Align ambition with academic itinerary
The OECD report How youth explore, experience and think about their future (”how young people explore, experiment and think about their future”), published in 2021, points out that modern societies expect “adults to efficiently explore different job possibilities”, but the results of the PISA 2018 report show that students in many countries they are poorly prepared to develop the necessary skills for the different transitions between student and working life. 38% of the lowest achieving students have career ambitions that are not aligned with their academic pathways. “To plan for their future, students need to actively explore the job market,” the document states. Only a third of OECD students claimed to have spent time in companies at the age of 15.
Adrianna, 14, is a student at Barnhill. Her counseling activities have taken her away from the future her parents wanted for her: medicine. “I like art and why shouldn’t I dedicate myself to it? I am sure that I want to work in something that interests me, salary is not my priority. I would like to design advertising campaigns, dedicate myself to creative design”, she says. A few weeks ago she participated in a field trip to Oxford University organized by the institute. “They told us what qualifications we need to get in. They value if you have leadership capacity.” Consider volunteering. She already knows how to make a resume, but she thinks it’s too soon.
“We considered that it was necessary to offer the youngest information on professional opportunities, the skills demanded by emerging industries, which are the ones that are going to offer them the most job opportunities in the future,” explains Jane Hubbuck, of the Department of Education of the British Government . “We have a lot of employers concerned that young people don’t see certain jobs as interesting, they don’t see the value in those sectors,” she adds. In 2014, they founded the agency The careers and enterprise company to connect employers and colleges (it already has 80 people on staff), which was responsible for creating the so-called career hubs, local networks in which schools, companies and volunteers meet to design orientation practices. 65% of the centers financed with public funds are integrated into one.

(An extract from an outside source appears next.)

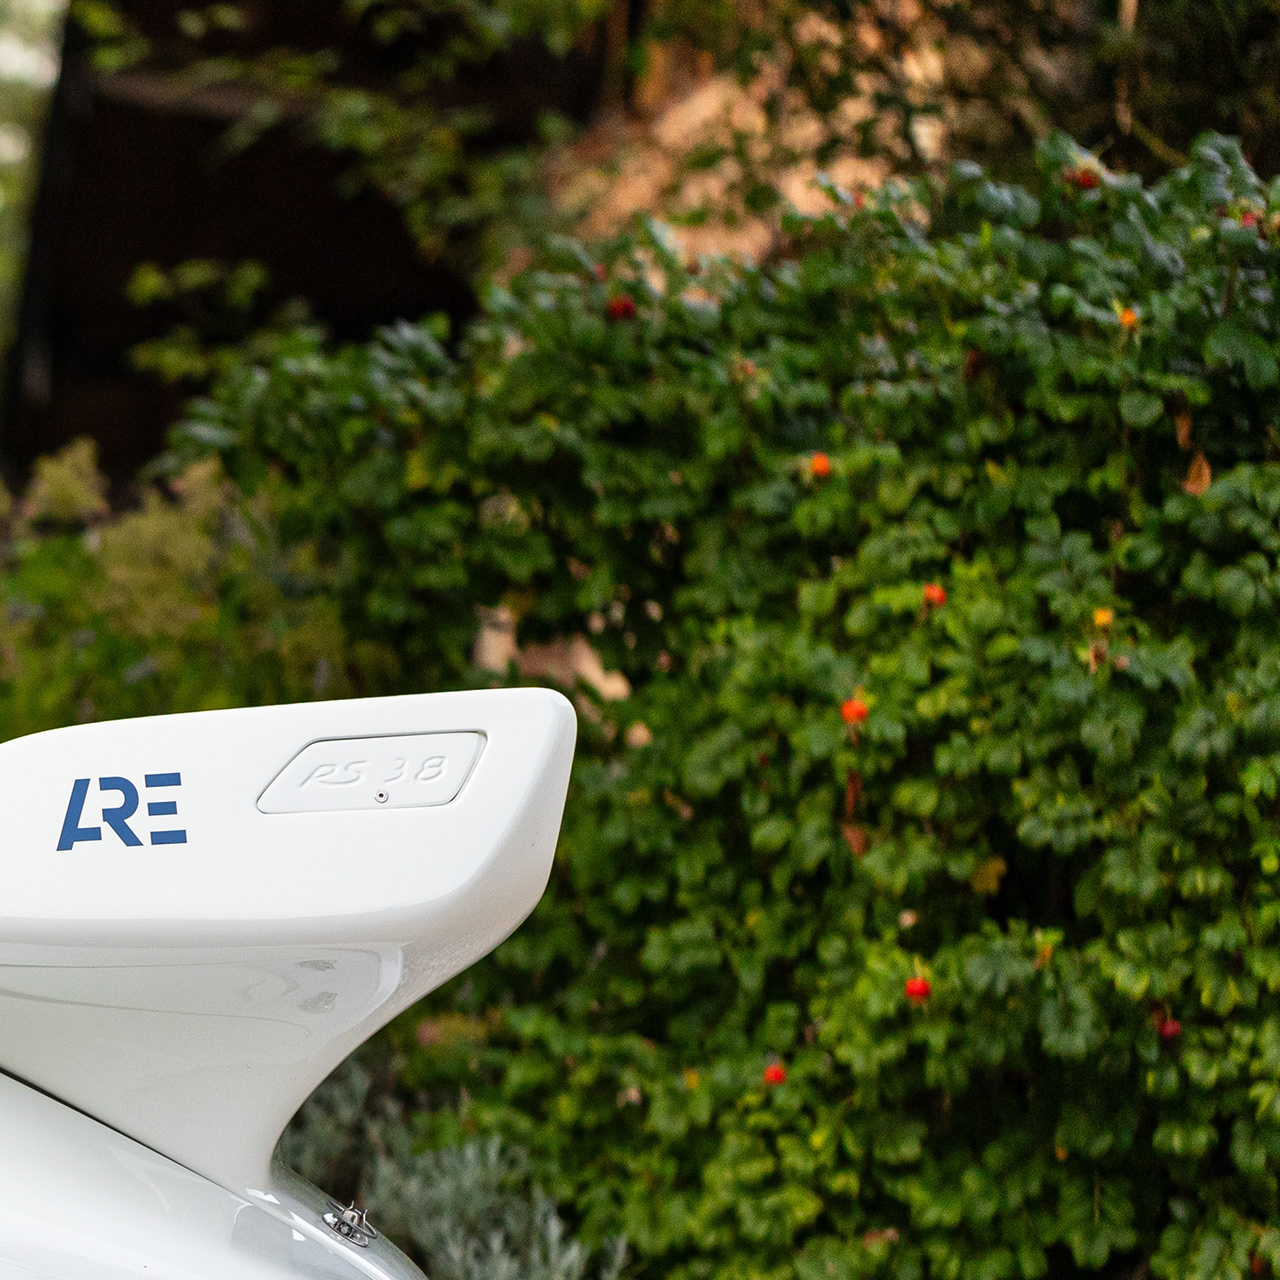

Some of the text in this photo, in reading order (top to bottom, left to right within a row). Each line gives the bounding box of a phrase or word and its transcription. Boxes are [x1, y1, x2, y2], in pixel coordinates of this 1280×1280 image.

To audit the entire operation of the strategy, they launched the apps Compass, into which schools regularly enter data. This application allows the Government to know the destination of the students up to three years after finishing high school and to measure how many of the eight points are fulfilled in each center. “We do not look center by center, otherwise we would be encouraging them to inflate the results,” says Jane Hubbuck. The goal is not to compete.
The innovative Spanish model inspired by the Holman model
In the 2020-2021 academic year, the Bertelsmann Foundation and the Funda por Educar Foundation started the Xcelence-Schools that inspire project in 50 centers in disadvantaged neighborhoods in Madrid and Catalonia (35% concerted). Based on the eight points of the model devised by John Holman, they extended the axes to 10. The objective is to awaken vocations that are not limited by their social context. Funded by the consulting firm JP Morgan, it was evaluated in 2021 by UNED teachers. At the moment, they have only analyzed the skills that the new counselors have acquired. To see the progress in the students, at least three more courses are needed. “We have measured their empathy to relate to other teachers, their ability to x-ray the labor market or to encourage vocations in students and the result has been mostly positive,” says Arturo Galán, dean of the UNED Faculty of Education. In the 2022-2023 academic year they plan to be in 300 centers.
UNESCO recommends one school counselor for every 250 students but, according to data from the Ministry of Education, this ratio is exceeded in most Spanish institutes, even reaching one counselor for every 1,000 students.